The term "probe" used in the present invention refers to a substance that can specifically bind to a target substance to be detected in a sample, and refers to a substance that can specifically confirm the presence of the target substance in the sample through said binding. do. The type of probe is not limited as it is a material commonly used in the art, but is preferably PNA (peptide nucleic acid), LNA (locked nucleic acid), peptide, polypeptide, protein, RNA or DNA, and is most preferred. It is PNA.

As used herein, the term "antisense" refers to a nucleotide base in which an antisense oligomer hybridizes with a target sequence in RNA by Watson-Crick base pairing, typically allowing the formation of an mRNA and RNA:oligomer heteroduplex within the target sequence. It refers to an oligomer having a sequence and an inter-subunit backbone. Oligomers may have exact or approximate sequence complementarity to the target sequence.

In the present invention, the agent for measuring the protein level of EWSR1 may be an antibody, interacting protein, ligand, nanoparticles, or aptamer that specifically binds to the protein or peptide fragment. You can.

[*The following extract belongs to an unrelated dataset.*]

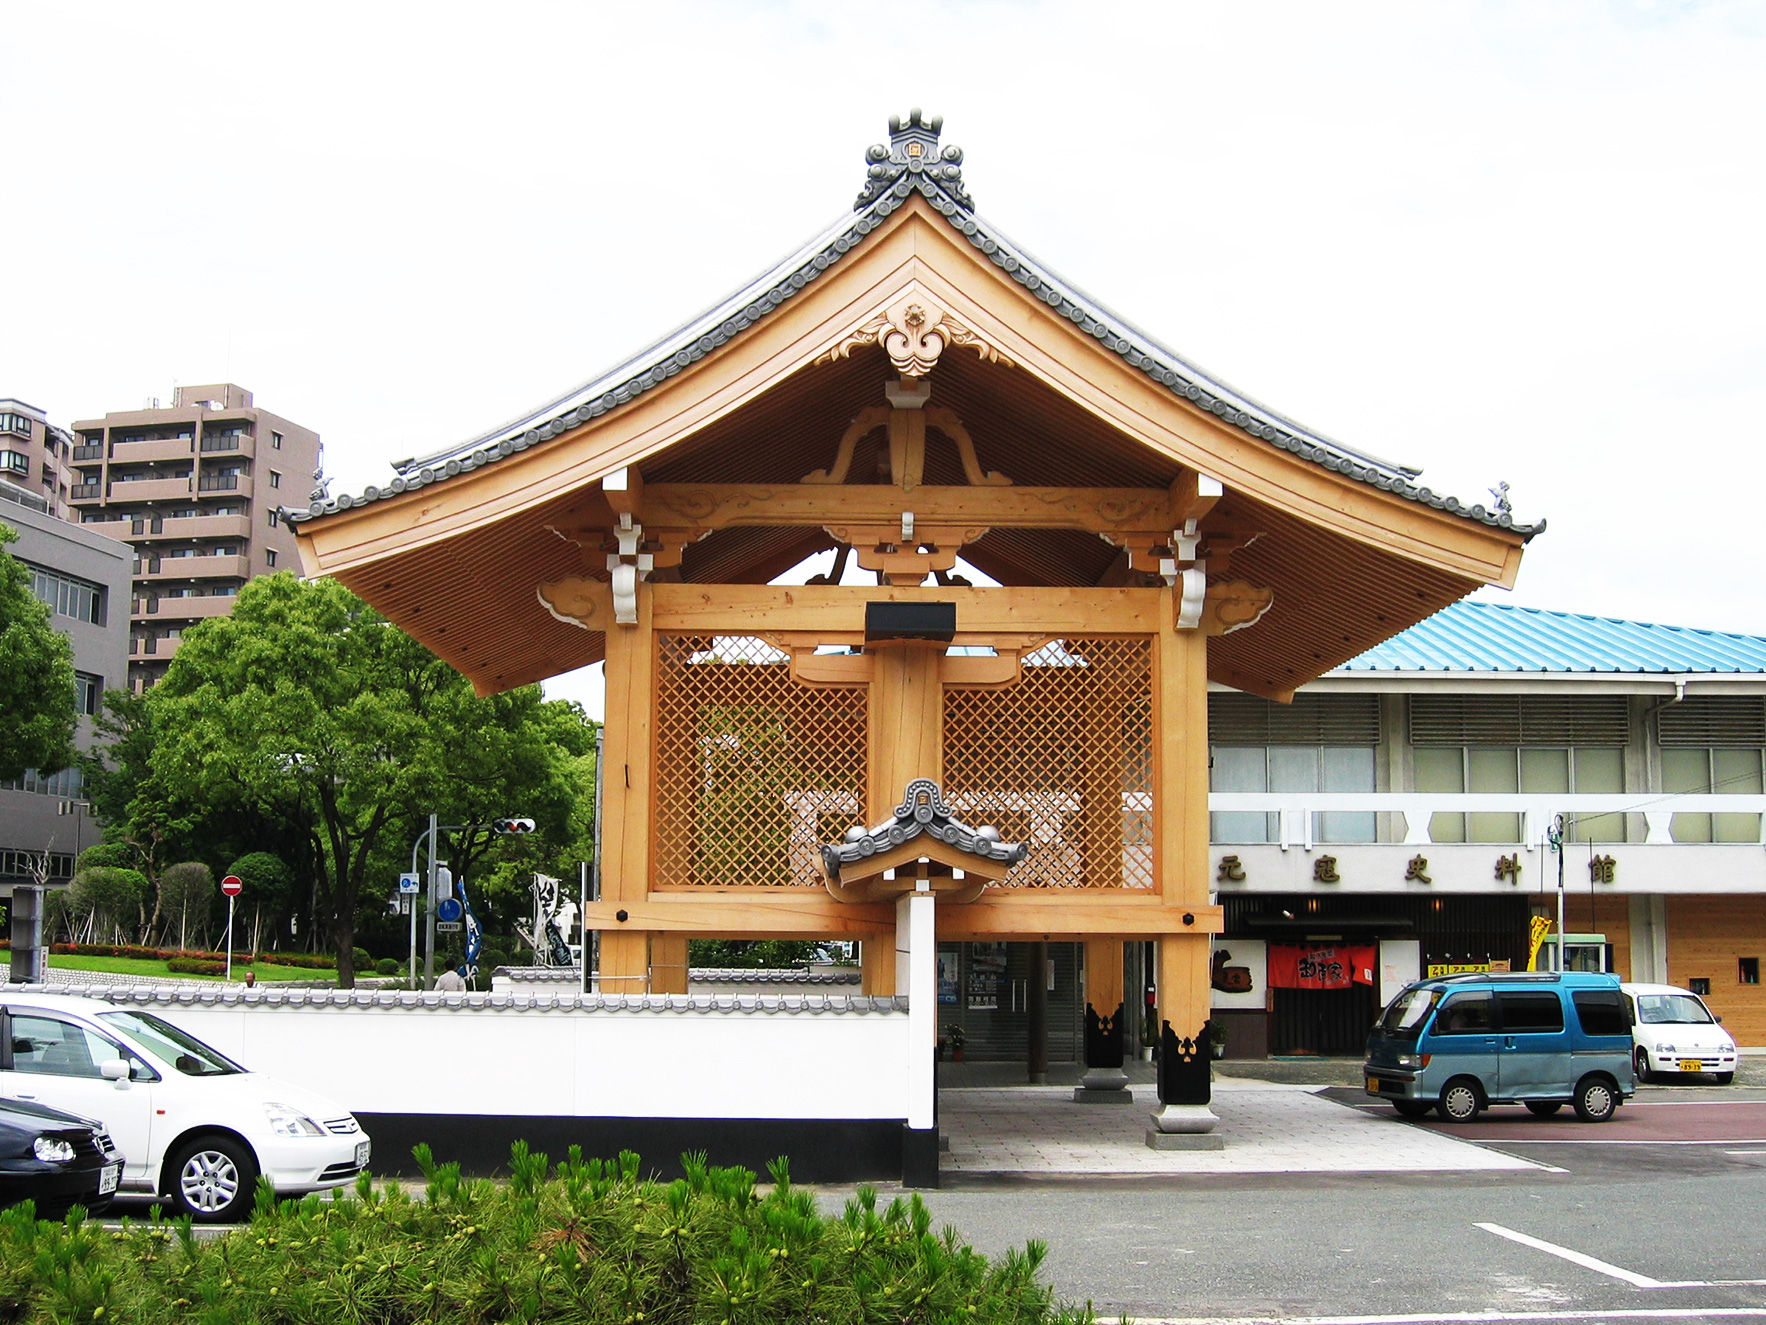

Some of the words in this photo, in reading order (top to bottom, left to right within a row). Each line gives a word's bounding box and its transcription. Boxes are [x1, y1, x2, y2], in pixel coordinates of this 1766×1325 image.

[1217, 852, 1617, 886] 元寇史料館
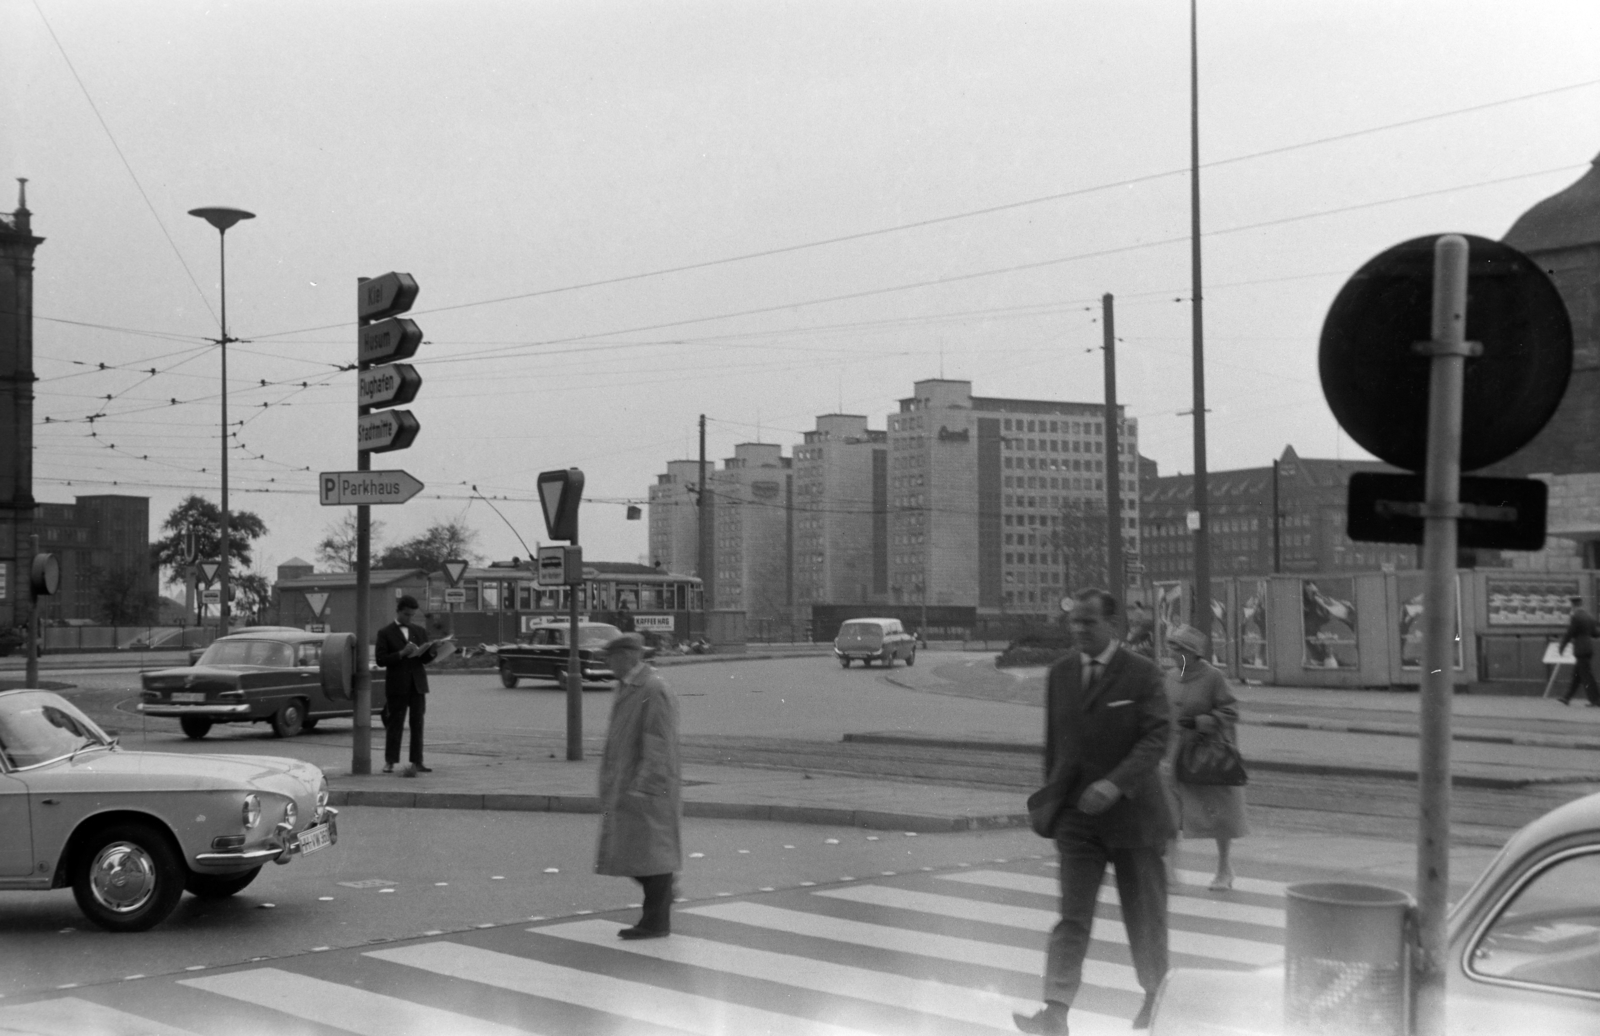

The term "protein expression level measurement" used in the present invention refers to a biomarker for diagnosing chronic liver disease in biological samples, and the agent for measuring the protein level of EWSR1 is an antibody that specifically binds to the protein or peptide fragment, It may be characterized as an action protein, ligand, nanoparticles, or aptamer.

The term “protein expression level measurement” used in the present invention refers to the process of confirming the presence and expression level of a protein expressed from a biomarker for diagnosing chronic liver disease in a biological sample. The amount of protein can be confirmed using antibodies, interacting proteins, ligands, nanoparticles, or aptamers that specifically bind to the protein or peptide fragment of the gene.

The protein expression level measurement or comparative analysis methods include protein chip analysis, immunoassay, ligand binding assay, MALDI-TOF (Matrix Desorption/Ionization Time of Flight Mass Spectrometry) analysis, and SELDI-TOF (Sulface Enhanced Laser Desorption/Ionization Time). of Flight Mass Spectrometry analysis, radioimmunoassay, radioimmunodiffusion method, Ouchteroni immunodiffusion method, rocket immunoelectrophoresis, tissue immunostaining, complement fixation assay, two-dimensional electrophoresis analysis, liquid chromatography-mass spectrometry. -Mass Spectrometry, LC-MS), LC-MS/MS (liquid chromatography-Mass Spectrometry/Mass Spectrometry), Western blot, and ELISA (enzyme linked immunosorbent assay), etc., but are not limited thereto.

The term “antibody” used in the present invention refers to a substance that specifically binds to an antigen and causes an antigen-antibody reaction. For the purposes of the present invention, antibody refers to an antibody that specifically binds to the biomarker of the present invention. Antibodies of the present invention include polyclonal antibodies, monoclonal antibodies, and recombinant antibodies.

The present invention relates to a kit for diagnosing non-alcoholic steatohepatitis including the biomarker composition for diagnosing non-alcoholic steatohepatitis.

The kit can be manufactured by conventional manufacturing methods known in the art. The kit may include, for example, a lyophilized antibody, a buffer solution, a stabilizer, an inactive protein, etc.

The kit may further include a detectable label. The term “detectable label” refers to an atom or molecule that allows specific detection of a molecule containing a label among molecules of the same type without the label. The detectable label may be attached to an antibody, interacting protein, ligand, nanoparticle, or aptamer that specifically binds to the protein or fragment thereof. The detectable label may include a radionuclide, a fluorophore, and an enzyme.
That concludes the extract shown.